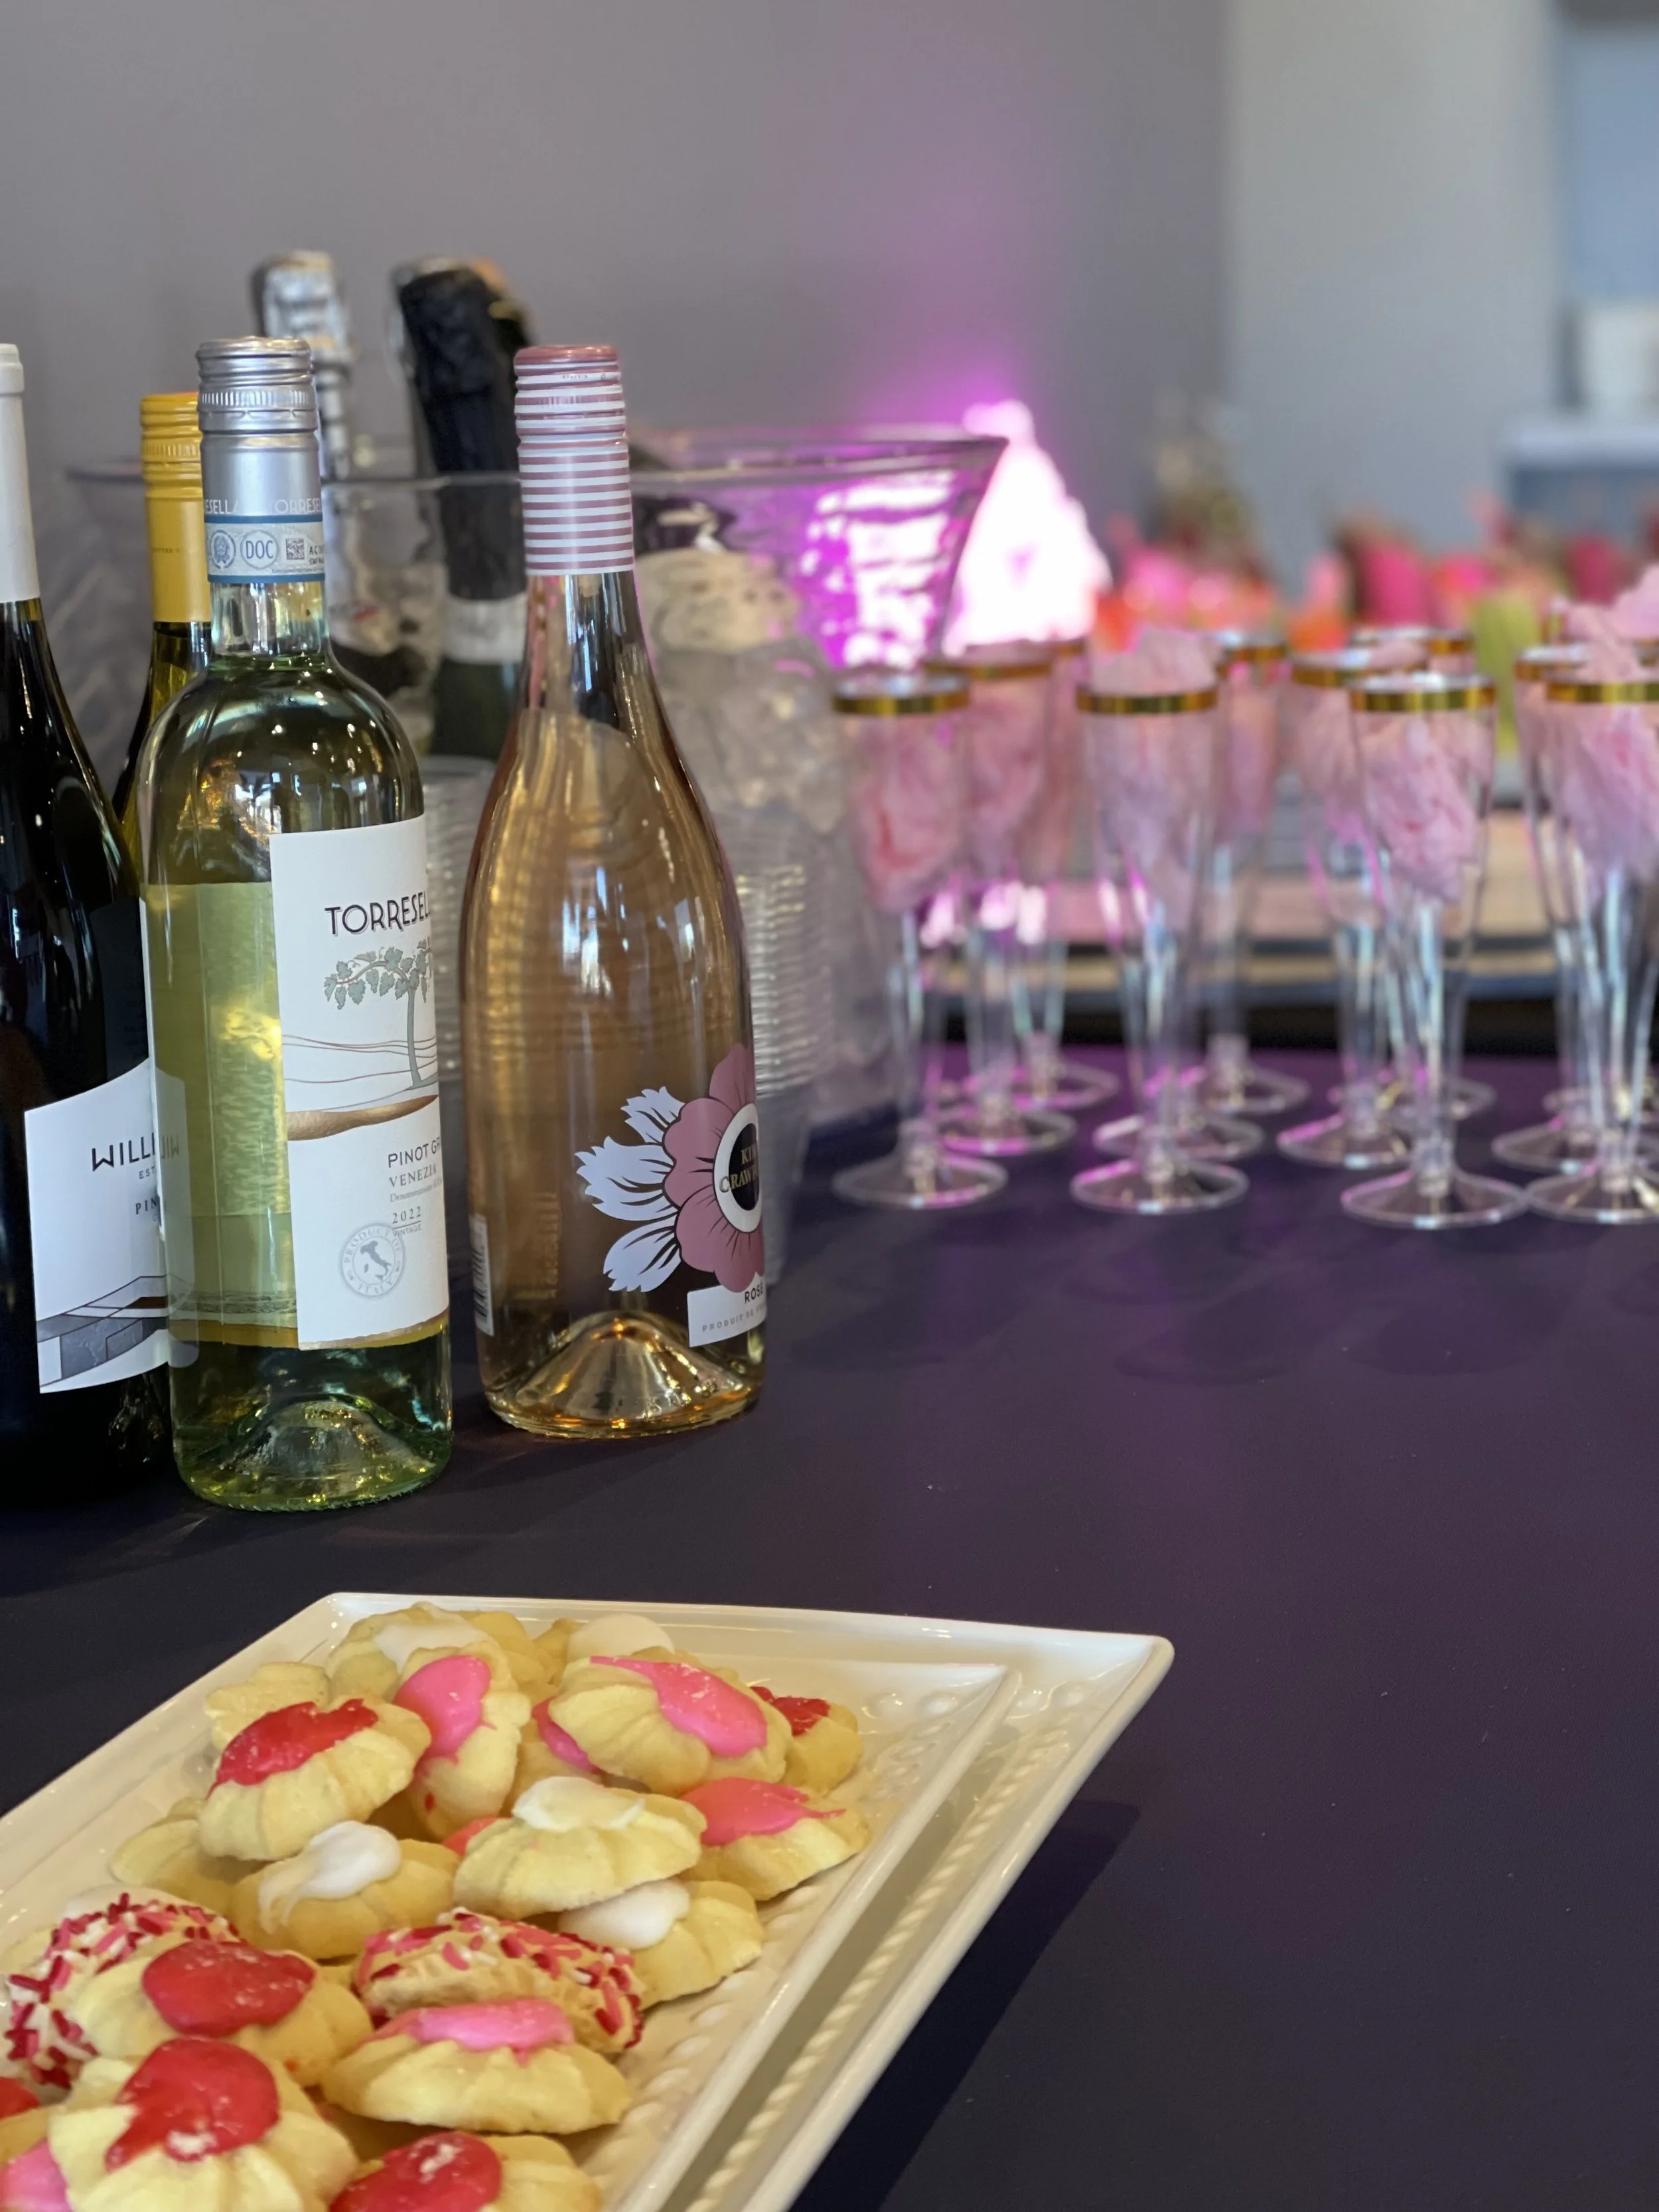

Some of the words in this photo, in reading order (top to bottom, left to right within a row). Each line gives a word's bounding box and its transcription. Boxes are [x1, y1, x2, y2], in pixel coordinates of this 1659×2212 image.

[246, 540, 273, 559] DOC
[388, 1143, 429, 1168] PINOT
[389, 1163, 437, 1188] VENEZIA
[392, 1206, 421, 1224] 2022
[392, 1224, 422, 1237] VINTAGE
[358, 1278, 392, 1294] ITALY
[702, 1314, 743, 1332] PRODUIT

## Task requirements
Would you print the whole listing exactly, omitting the pictures?

## Response to this task
Some of the words in this photo, in reading order (top to bottom, left to right within a row). Each line gives a word's bounding box and its transcription. Boxes are [x1, y1, x2, y2], in pixel coordinates of this 1659×2212 image.

[246, 540, 273, 559] DOC
[388, 1143, 429, 1168] PINOT
[389, 1163, 437, 1188] VENEZIA
[392, 1206, 421, 1224] 2022
[392, 1224, 422, 1237] VINTAGE
[358, 1278, 392, 1294] ITALY
[702, 1314, 743, 1332] PRODUIT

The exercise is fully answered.